- [Aim of the exercise]:
The lines below, beginning at the one that contains "this 1485×1317 image." and ending at the last, are to be retyped exactly.

START Data records

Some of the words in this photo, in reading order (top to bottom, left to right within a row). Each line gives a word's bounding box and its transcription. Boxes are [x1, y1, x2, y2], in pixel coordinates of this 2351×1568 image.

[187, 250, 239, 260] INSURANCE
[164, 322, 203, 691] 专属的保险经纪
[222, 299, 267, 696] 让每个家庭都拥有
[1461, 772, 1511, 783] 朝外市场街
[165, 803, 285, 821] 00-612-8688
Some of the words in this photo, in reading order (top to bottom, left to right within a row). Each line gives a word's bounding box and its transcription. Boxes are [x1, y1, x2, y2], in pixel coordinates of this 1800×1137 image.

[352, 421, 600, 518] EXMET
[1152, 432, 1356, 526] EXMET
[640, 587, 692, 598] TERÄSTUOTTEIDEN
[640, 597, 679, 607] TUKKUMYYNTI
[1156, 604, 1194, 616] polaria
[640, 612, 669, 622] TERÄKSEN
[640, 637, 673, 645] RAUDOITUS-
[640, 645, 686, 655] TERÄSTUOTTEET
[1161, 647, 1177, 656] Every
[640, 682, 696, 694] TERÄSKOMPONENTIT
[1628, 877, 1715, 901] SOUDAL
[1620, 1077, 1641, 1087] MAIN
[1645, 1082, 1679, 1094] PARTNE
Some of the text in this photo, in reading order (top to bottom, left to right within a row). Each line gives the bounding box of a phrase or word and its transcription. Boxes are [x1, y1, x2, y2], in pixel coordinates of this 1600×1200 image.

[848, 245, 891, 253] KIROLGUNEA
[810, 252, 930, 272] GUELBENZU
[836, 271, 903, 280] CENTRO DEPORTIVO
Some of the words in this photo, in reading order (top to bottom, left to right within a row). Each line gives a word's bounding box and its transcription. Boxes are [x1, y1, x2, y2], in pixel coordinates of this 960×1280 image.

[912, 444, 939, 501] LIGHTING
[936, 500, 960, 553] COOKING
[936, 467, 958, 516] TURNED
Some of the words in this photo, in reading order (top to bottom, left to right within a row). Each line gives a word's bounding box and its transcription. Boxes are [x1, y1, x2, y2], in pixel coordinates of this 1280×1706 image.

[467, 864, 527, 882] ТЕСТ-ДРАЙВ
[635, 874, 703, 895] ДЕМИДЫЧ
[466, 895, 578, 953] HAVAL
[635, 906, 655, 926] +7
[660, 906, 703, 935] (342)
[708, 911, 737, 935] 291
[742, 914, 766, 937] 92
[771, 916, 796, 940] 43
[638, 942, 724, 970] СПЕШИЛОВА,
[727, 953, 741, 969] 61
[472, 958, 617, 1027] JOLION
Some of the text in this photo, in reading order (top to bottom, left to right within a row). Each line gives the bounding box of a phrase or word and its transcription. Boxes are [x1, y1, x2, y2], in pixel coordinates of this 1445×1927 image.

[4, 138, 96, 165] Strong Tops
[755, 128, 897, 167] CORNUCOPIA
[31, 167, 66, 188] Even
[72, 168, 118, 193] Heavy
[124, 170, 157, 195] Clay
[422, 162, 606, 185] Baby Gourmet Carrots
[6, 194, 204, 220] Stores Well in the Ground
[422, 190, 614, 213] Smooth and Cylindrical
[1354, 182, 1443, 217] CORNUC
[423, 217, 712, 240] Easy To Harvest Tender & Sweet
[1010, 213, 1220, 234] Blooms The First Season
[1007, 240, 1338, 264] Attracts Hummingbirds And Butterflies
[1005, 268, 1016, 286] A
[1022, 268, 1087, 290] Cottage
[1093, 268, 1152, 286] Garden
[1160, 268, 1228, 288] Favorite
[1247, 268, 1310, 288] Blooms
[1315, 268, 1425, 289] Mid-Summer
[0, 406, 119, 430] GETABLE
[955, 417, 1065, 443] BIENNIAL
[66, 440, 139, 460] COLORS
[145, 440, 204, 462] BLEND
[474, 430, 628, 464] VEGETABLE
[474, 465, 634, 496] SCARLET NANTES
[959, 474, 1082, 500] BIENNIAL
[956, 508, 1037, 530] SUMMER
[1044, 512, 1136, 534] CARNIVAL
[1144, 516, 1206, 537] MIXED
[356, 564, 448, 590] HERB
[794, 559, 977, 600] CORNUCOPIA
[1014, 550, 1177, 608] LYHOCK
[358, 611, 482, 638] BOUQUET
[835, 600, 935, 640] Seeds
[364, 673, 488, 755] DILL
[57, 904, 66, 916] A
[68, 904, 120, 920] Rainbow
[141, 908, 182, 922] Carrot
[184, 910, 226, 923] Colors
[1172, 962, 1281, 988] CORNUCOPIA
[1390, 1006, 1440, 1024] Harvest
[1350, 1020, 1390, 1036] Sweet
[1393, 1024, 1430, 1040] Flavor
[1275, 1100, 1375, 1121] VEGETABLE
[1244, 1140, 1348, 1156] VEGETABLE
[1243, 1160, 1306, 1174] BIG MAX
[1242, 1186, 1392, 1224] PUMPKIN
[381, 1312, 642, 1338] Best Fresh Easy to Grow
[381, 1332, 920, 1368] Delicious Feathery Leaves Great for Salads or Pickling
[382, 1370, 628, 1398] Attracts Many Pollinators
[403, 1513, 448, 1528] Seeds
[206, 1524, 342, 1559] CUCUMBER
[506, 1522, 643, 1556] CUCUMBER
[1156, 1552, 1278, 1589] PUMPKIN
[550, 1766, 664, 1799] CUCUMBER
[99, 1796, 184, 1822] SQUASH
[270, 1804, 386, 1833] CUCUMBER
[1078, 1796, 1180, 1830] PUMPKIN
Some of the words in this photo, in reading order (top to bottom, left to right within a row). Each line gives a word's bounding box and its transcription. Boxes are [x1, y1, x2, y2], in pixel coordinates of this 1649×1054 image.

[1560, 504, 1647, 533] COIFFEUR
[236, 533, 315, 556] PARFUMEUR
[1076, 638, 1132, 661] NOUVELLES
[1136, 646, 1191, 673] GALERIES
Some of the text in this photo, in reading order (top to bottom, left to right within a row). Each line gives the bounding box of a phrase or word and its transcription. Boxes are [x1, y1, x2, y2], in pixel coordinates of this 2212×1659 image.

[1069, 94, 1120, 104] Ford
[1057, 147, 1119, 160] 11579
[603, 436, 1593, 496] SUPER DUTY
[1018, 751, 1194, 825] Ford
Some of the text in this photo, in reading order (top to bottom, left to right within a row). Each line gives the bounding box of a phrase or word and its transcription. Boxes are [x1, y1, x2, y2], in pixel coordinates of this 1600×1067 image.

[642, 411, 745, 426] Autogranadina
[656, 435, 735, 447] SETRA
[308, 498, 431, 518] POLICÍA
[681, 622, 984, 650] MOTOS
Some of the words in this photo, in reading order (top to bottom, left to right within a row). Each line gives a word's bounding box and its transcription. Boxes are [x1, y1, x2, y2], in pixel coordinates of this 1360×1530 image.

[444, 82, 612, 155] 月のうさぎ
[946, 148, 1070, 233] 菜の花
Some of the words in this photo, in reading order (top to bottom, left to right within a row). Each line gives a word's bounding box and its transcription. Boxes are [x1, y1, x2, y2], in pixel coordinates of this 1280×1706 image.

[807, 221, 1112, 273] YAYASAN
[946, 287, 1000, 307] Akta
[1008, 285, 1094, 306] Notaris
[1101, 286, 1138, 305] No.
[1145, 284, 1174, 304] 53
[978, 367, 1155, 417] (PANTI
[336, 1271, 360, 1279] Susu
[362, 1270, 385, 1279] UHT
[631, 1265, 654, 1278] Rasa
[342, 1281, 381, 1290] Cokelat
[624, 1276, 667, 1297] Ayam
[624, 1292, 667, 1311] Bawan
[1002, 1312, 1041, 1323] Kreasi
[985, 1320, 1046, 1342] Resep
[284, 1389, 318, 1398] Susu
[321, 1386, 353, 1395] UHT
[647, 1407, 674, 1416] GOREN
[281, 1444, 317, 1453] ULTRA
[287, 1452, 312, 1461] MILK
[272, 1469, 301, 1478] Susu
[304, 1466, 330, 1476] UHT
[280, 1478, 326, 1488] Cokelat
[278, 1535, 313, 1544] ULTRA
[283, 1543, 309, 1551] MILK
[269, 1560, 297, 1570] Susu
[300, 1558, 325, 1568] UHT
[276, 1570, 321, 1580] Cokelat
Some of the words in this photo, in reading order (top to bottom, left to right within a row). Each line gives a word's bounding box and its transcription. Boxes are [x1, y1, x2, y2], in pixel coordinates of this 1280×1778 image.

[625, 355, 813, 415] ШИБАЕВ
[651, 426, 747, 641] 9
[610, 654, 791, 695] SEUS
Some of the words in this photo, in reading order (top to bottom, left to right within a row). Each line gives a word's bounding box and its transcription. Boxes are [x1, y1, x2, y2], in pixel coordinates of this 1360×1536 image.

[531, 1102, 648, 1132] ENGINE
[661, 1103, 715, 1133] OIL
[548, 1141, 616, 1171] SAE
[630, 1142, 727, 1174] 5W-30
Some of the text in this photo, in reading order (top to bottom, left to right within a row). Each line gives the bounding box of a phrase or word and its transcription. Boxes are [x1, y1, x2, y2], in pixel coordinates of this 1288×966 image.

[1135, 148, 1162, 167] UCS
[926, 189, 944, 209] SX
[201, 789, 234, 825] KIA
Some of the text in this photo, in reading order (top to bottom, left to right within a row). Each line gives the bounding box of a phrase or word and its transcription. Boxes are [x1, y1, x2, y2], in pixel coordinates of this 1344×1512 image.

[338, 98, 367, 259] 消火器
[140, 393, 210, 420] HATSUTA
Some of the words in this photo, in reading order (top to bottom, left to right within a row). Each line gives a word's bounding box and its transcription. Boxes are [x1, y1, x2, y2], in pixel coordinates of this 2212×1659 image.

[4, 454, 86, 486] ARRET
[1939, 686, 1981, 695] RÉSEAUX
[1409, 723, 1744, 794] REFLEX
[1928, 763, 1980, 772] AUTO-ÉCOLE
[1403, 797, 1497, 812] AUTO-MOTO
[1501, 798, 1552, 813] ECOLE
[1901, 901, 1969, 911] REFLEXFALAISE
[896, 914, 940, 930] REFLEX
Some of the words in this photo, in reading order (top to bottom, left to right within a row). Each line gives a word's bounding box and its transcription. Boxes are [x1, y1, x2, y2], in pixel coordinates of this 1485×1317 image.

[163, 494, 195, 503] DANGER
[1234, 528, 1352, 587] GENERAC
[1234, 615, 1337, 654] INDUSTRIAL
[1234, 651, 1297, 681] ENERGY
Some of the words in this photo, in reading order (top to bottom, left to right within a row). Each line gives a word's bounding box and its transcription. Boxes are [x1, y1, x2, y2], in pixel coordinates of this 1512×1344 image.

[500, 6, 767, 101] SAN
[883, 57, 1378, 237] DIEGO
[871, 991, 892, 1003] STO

END Data records

- [Result for this exercise]:
Some of the words in this photo, in reading order (top to bottom, left to right within a row). Each line gives a word's bounding box and its transcription. Boxes are [x1, y1, x2, y2], in pixel coordinates of this 1485×1317 image.

[163, 494, 195, 503] DANGER
[1234, 528, 1352, 587] GENERAC
[1234, 615, 1337, 654] INDUSTRIAL
[1234, 651, 1297, 681] ENERGY
Some of the words in this photo, in reading order (top to bottom, left to right within a row). Each line gives a word's bounding box and its transcription. Boxes are [x1, y1, x2, y2], in pixel coordinates of this 1512×1344 image.

[500, 6, 767, 101] SAN
[883, 57, 1378, 237] DIEGO
[871, 991, 892, 1003] STO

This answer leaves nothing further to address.